Task description>
The expected response is the full listing, retyped exactly, without its images.

Entries provided>
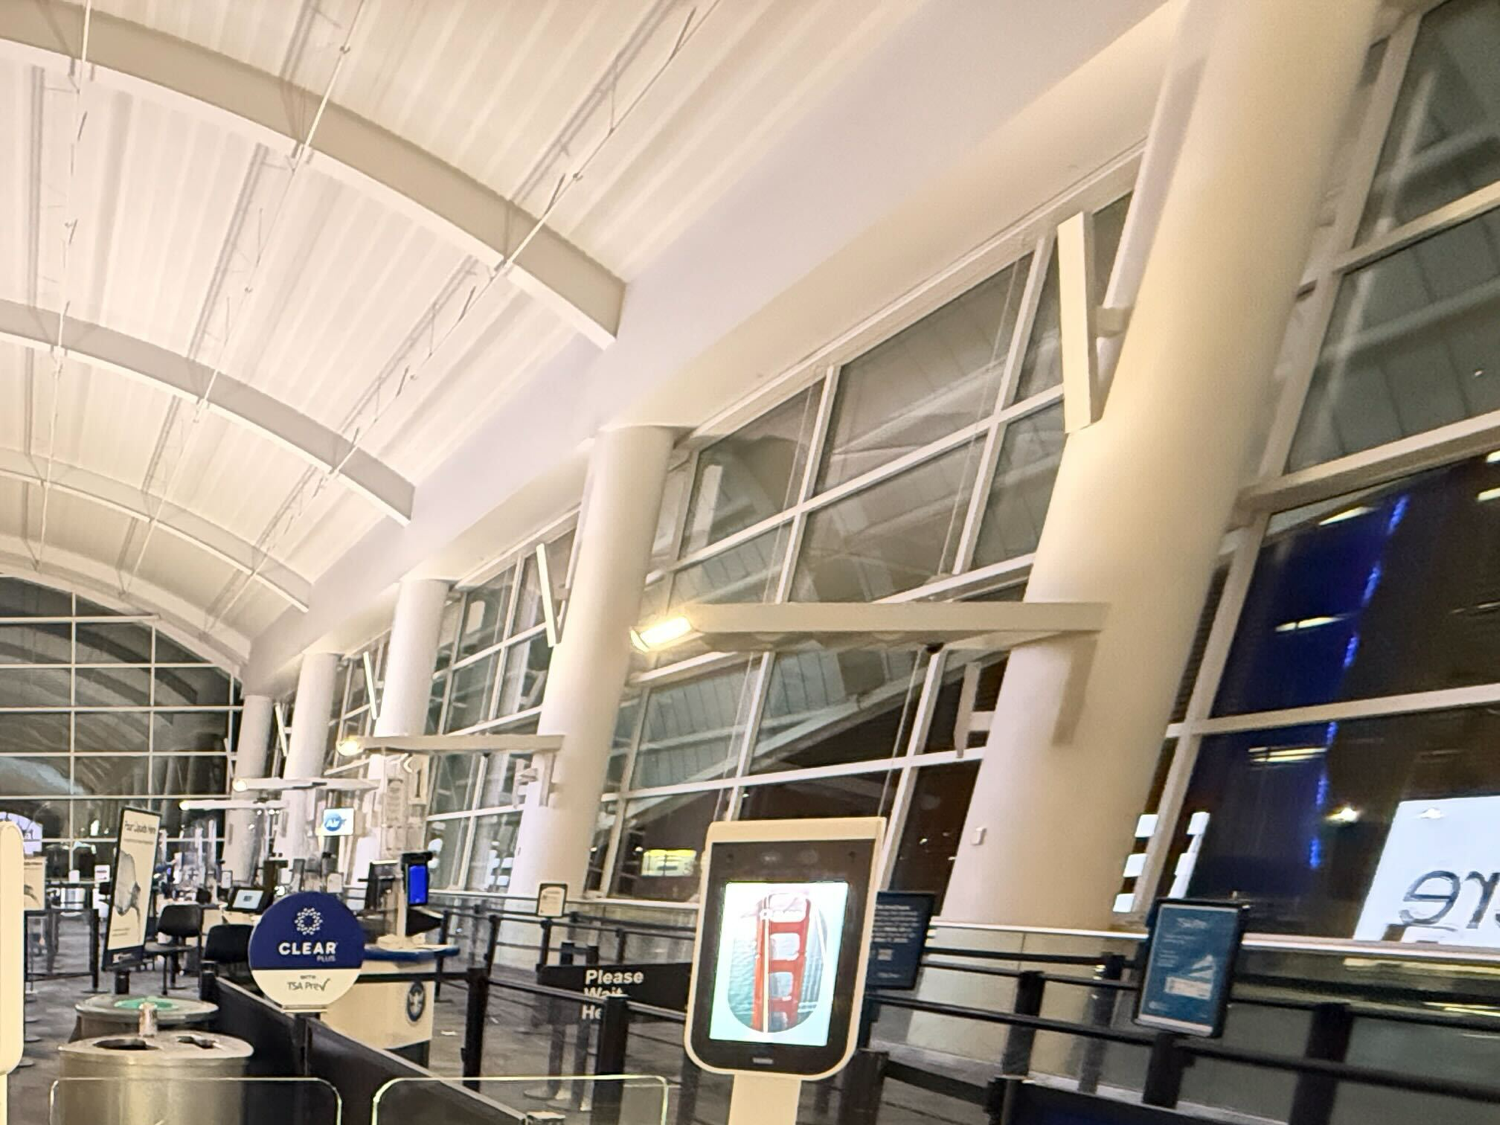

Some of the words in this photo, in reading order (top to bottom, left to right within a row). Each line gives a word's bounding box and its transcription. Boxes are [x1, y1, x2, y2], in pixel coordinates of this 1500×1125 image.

[278, 942, 337, 956] CLEAR
[585, 969, 644, 985] Please
[287, 981, 304, 991] TSA
[582, 1004, 602, 1020] He
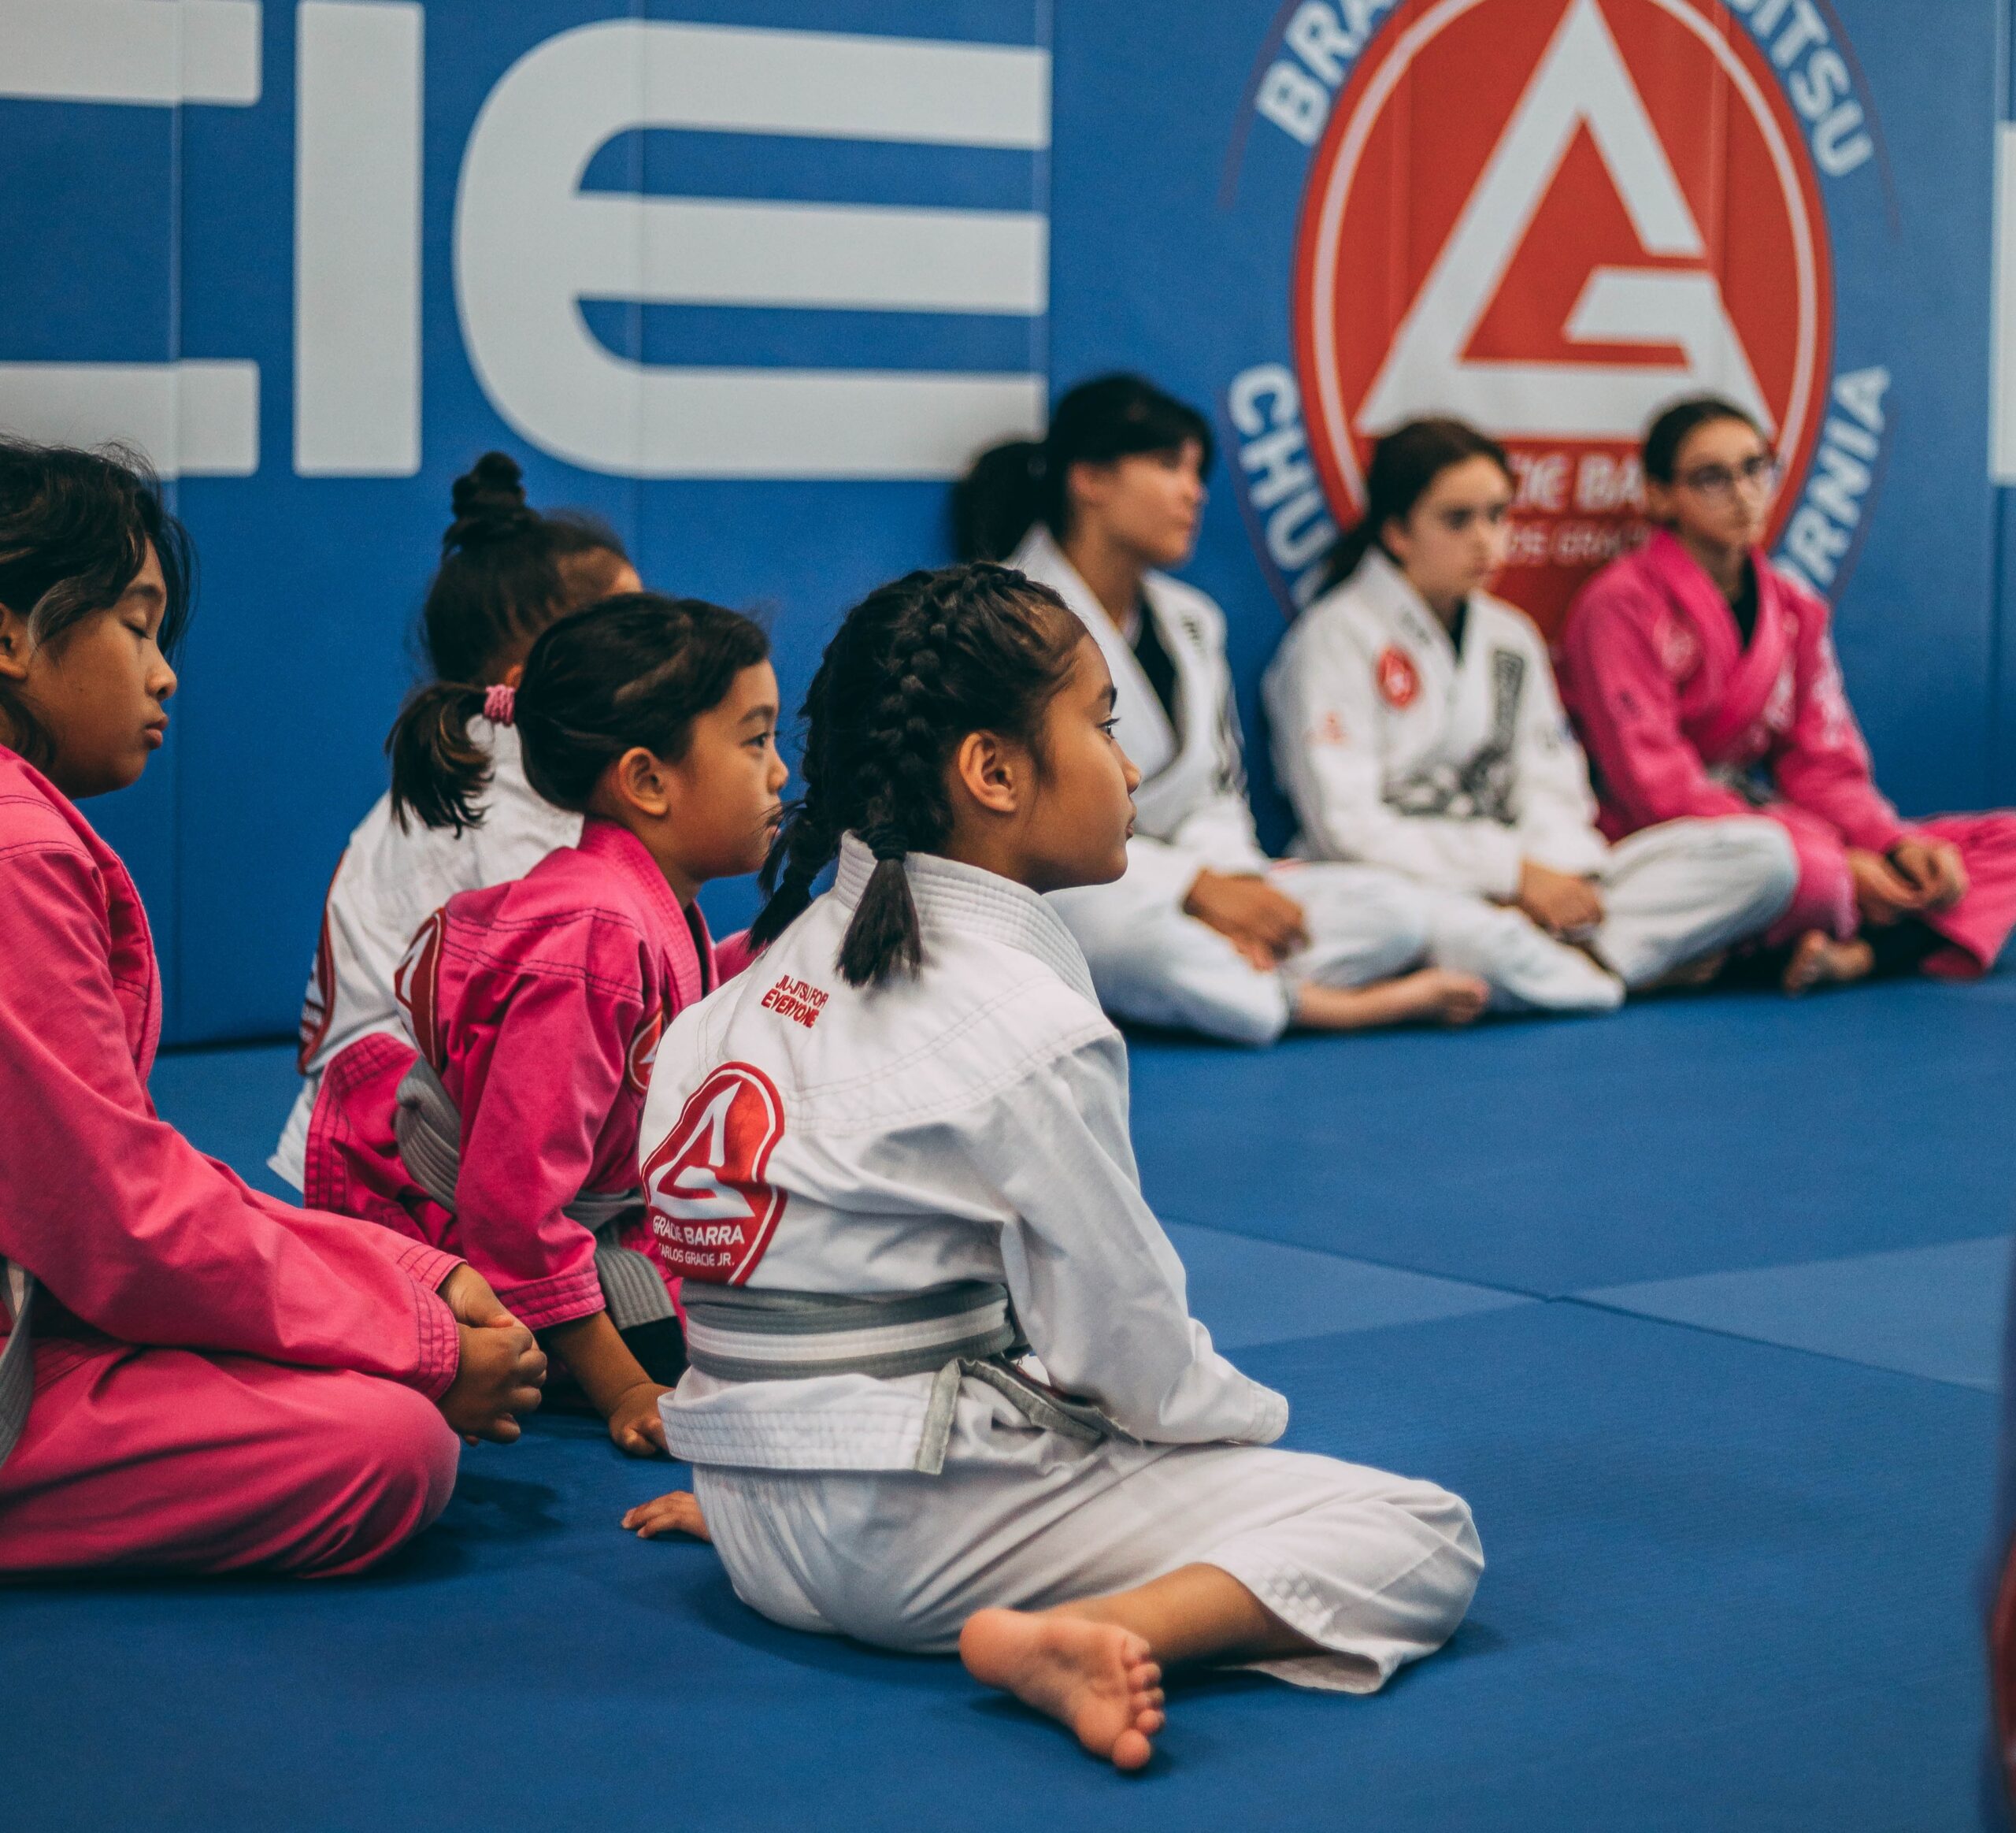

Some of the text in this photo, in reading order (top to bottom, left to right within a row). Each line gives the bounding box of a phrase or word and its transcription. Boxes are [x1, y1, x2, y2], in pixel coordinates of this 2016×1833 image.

Output of the exercise>
Some of the words in this photo, in reading order (top to bottom, left to right within a row). Each line gives a word's bounding box and its transcription. Boxes are [x1, y1, x2, y2], in pixel coordinates of this 1500×1125 image.

[278, 942, 337, 956] CLEAR
[585, 969, 644, 985] Please
[287, 981, 304, 991] TSA
[582, 1004, 602, 1020] He

Some of the text in this photo, in reading order (top to bottom, left to right within a row). Each line gives the bounding box of a phrase or word and its transcription. Boxes are [x1, y1, x2, y2], in pixel coordinates of this 2016×1833 image.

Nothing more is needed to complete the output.